In data 5 febbraio 2021, il Consiglio di Stato (CdS) ha pronunciato la sentenza n. 1101/2021 (la Sentenza) in un giudizio che ha visto coinvolti, da un lato, l’Autorità della Concorrenza e del Mercato (AGCM) in qualità di appellante, e dall’altro Ferrovie dello Stato Italiane S.p.A. (FS) e le sue controllate Rete Ferroviaria Italiana – RFI S.p.A. (RFI) e Trenitalia S.p.A. (Trenitalia, con FS e RFI, le Parti). Con la Sentenza, il CdS ha parzialmente accolto l’appello presentato dall’AGCM (soccombente in primo grado), mettendo il punto finale ad un contenzioso iniziato nel 2012 a seguito della sanzione – pari a 300.000 euro totali – irrogata nei confronti nelle Parti per abuso di posizione dominante nel caso A436.

Per comprendere al meglio la Sentenza, è necessario riassumere brevemente gli elementi essenziali relativi alle condotte anticoncorrenziali contestati dall’AGCM alle Parti. Nel 2012 l’AGCM aveva deliberato che “FS, attraverso le società controllate RFI e Trenitalia…” aveva messo in atto una complessa e unitaria strategia finalizzata a ostacolare e, di fatto, impedire, l’ingresso della società Arenaways sul mercato del trasporto ferroviario passeggeri che era stato da poco liberalizzato (in particolare, con riferimento ad alcune tratte tra Milano e Torino). Secondo la ricostruzione dell’AGCM, ciò sarebbe avvenuto mediante l’avvio strumentale di una procedura di consultazione con le due regioni interessate (Piemonte, Lombardia), con il Ministero per le Infrastrutture e i Trasporti (MIT) nonché con l’Ufficio per la regolazione dei servizi ferroviari (URSF) (ufficio oggi sostituito dall’Autorità per i Trasporti).
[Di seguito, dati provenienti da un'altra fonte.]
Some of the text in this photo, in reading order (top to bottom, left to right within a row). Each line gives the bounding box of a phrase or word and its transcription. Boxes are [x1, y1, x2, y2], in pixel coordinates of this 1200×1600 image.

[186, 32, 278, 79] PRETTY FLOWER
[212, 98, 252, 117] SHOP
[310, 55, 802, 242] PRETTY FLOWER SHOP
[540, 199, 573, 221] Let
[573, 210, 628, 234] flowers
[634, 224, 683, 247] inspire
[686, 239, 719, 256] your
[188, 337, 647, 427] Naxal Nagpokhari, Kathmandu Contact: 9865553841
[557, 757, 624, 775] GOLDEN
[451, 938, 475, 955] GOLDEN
In questo contesto, secondo l’AGCM RFI aveva adottato comportamenti dilatori rispetto alla richiesta di assegnazione delle tracce avanzata da Arenaways, che avevano così portato a un ritardo di oltre 18 mesi nel consentire l’accesso a un’infrastruttura essenziale. Trenitalia, a sua volta, aveva fornito alla stessa URSF una rappresentazione dei fatti non corretta per orientare la decisione del regolatore a proprio favore e portare così ad una decisione di diniego della possibilità di effettuare fermate intermedie fra Milano e Torino.
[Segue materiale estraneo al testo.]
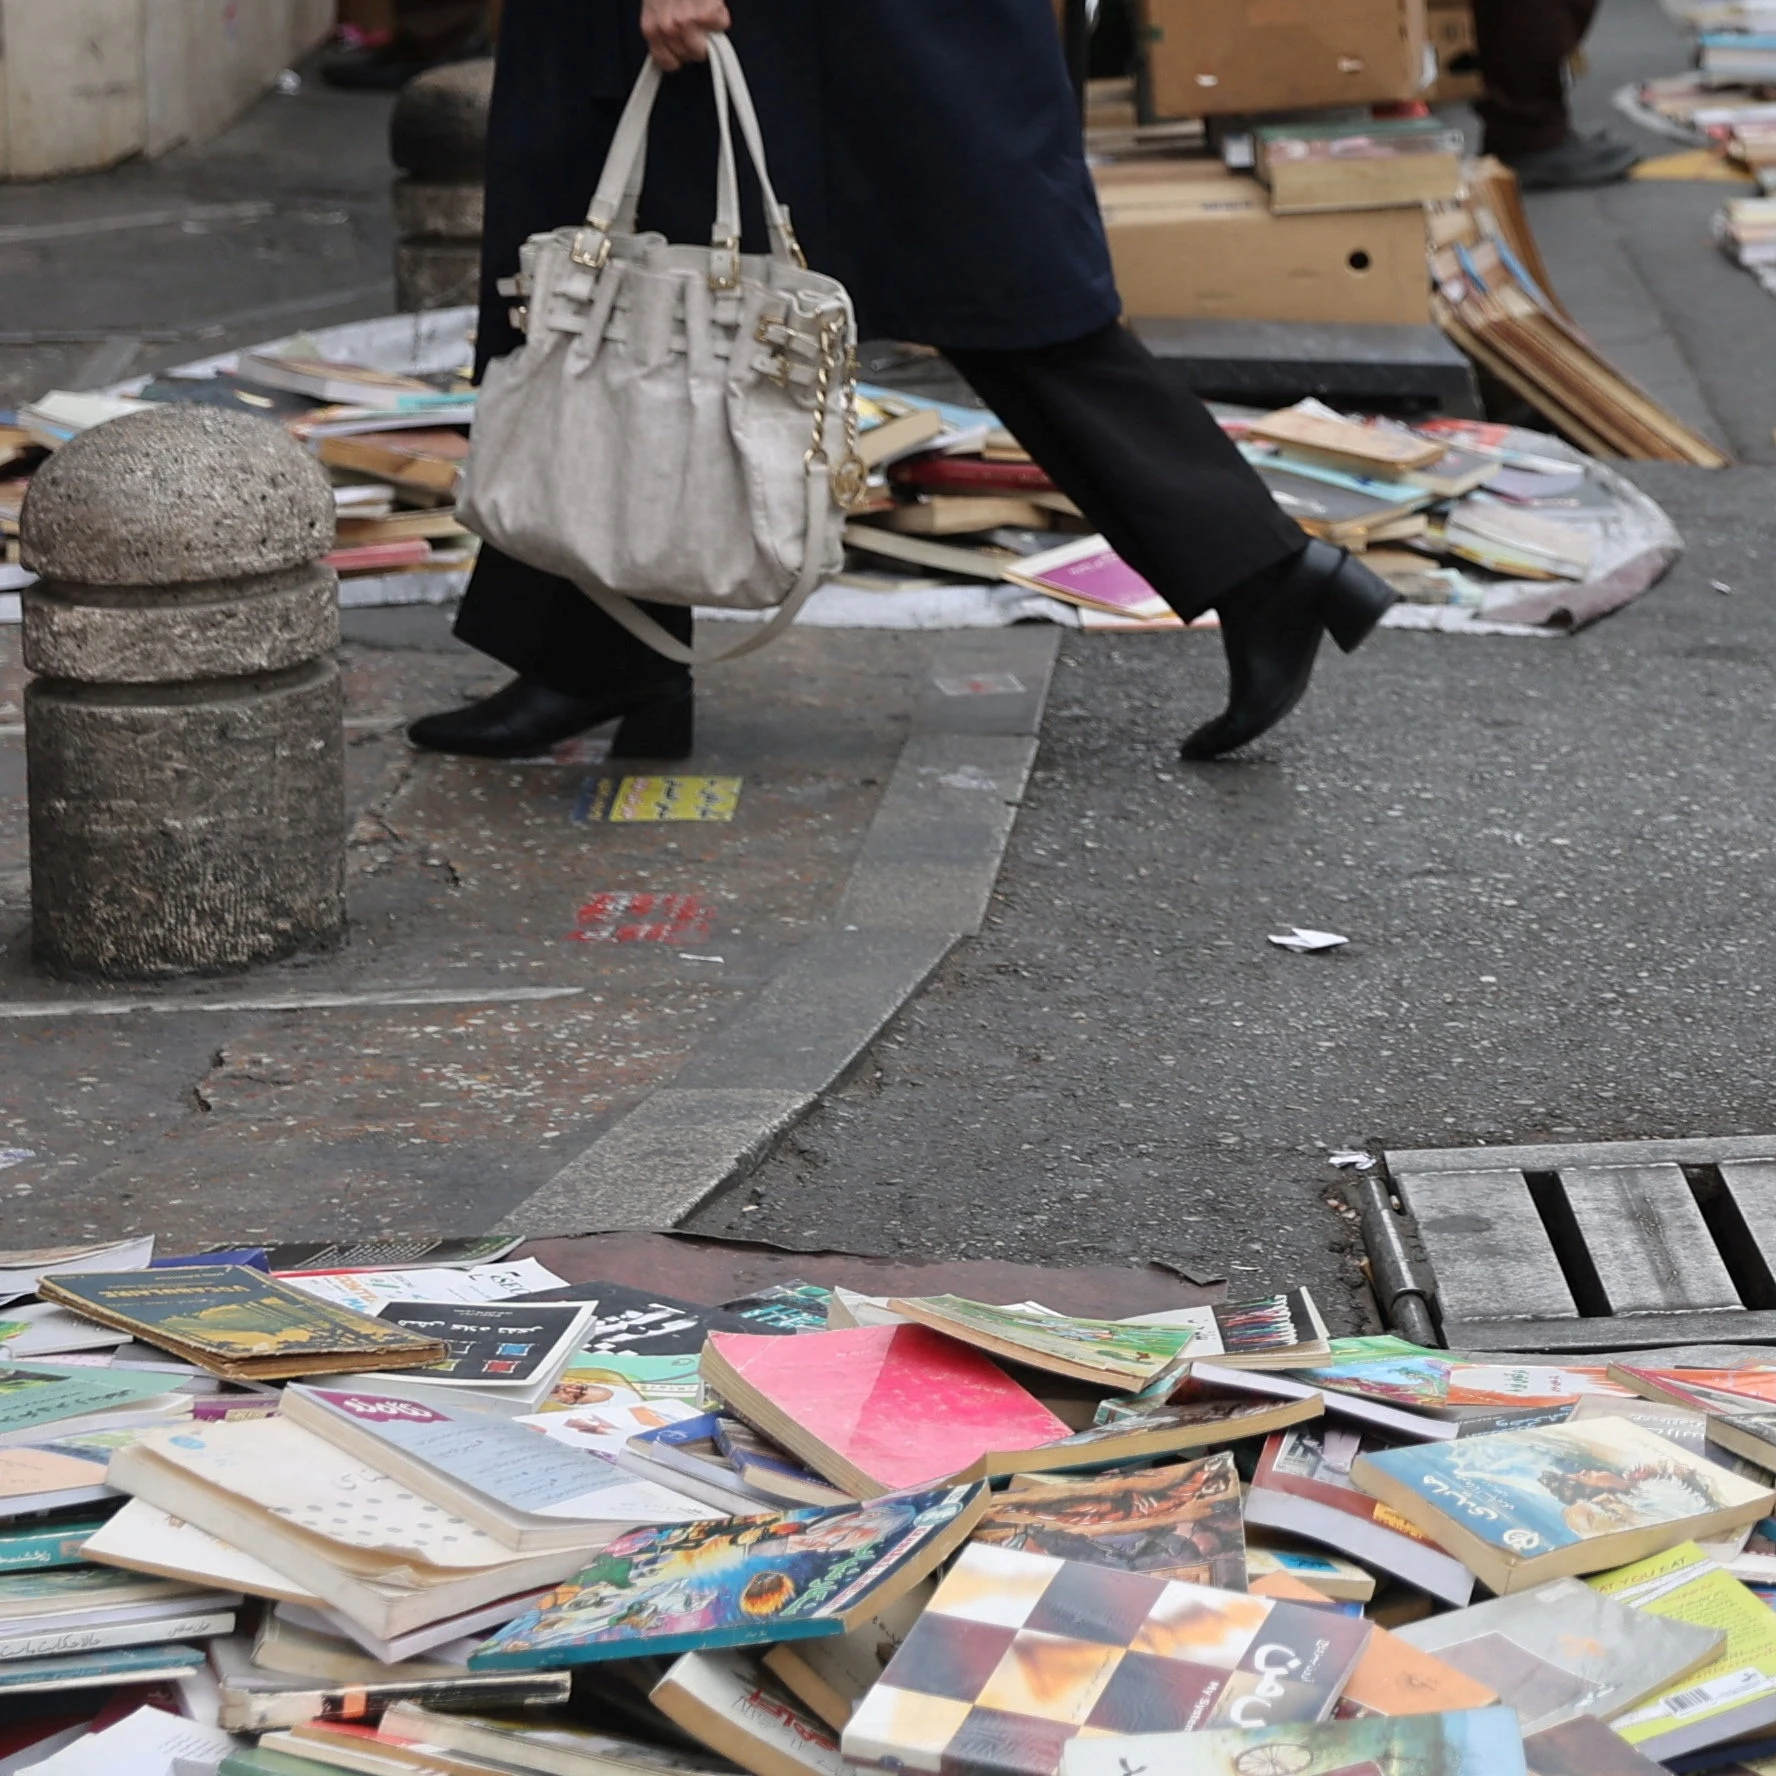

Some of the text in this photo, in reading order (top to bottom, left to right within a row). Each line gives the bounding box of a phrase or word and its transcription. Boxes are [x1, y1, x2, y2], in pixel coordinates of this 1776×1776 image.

[1422, 1474, 1498, 1521] هایدی
[1617, 1567, 1655, 1586] YOU
[1659, 1556, 1688, 1574] EAT
[37, 1634, 80, 1652] حکایت
Soccombente in primo grado, l’AGCM si è vista con la sentenza in commento accogliere, per quanto parzialmente, l’appello presentato in CdS. Peraltro, il motivo più interessante di tutta la Sentenza, quello relativo alla responsabilità di FS in qualità di capogruppo, non è stato accolto dal CdS.
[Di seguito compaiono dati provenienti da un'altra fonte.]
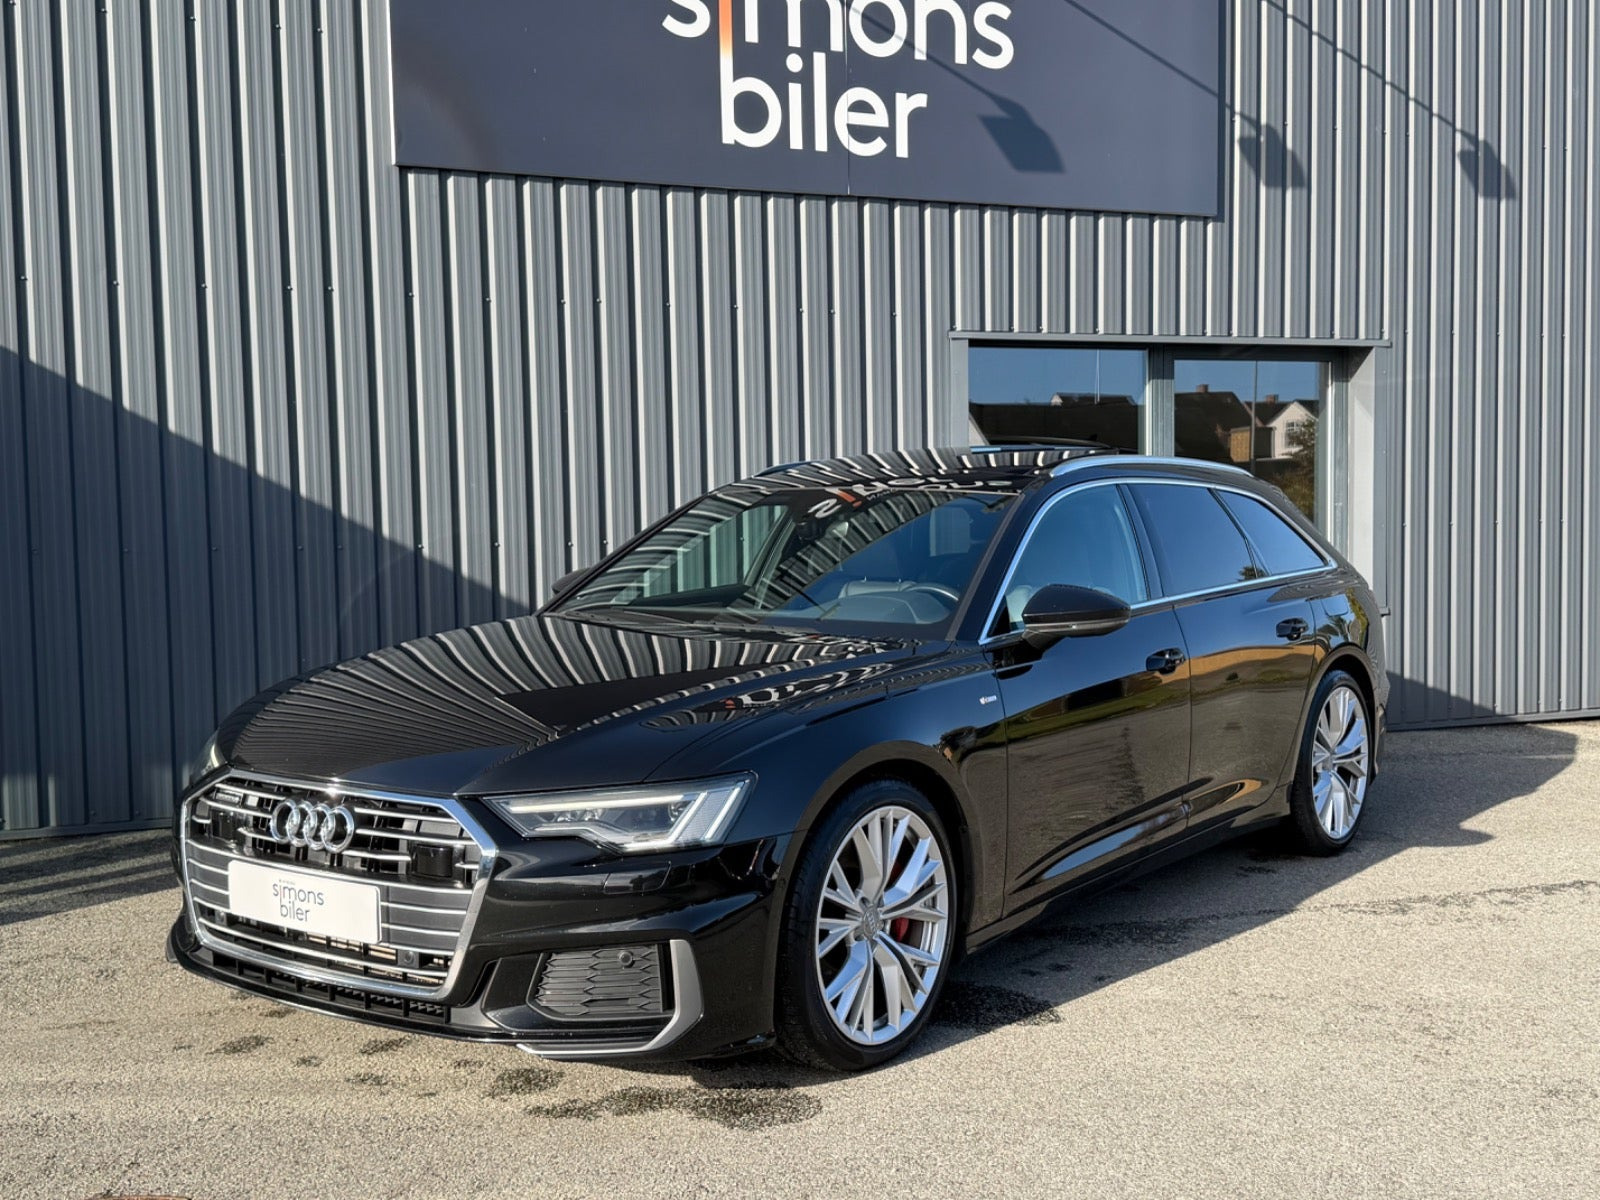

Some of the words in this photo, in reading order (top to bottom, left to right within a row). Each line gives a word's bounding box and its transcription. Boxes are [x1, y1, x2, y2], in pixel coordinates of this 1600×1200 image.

Secondo il CdS, l’AGCM aveva constato una violazione dell’articolo 102 TFUE dovuta ad “un’unica e complessa strategia escludente posta in essere da FS, tramite le sue controllate RFI e Trenitalia…”, operando con ciò un’inversione logica della presunzione semplice di responsabilità (basata sul fatto di tale controllo) della capogruppo.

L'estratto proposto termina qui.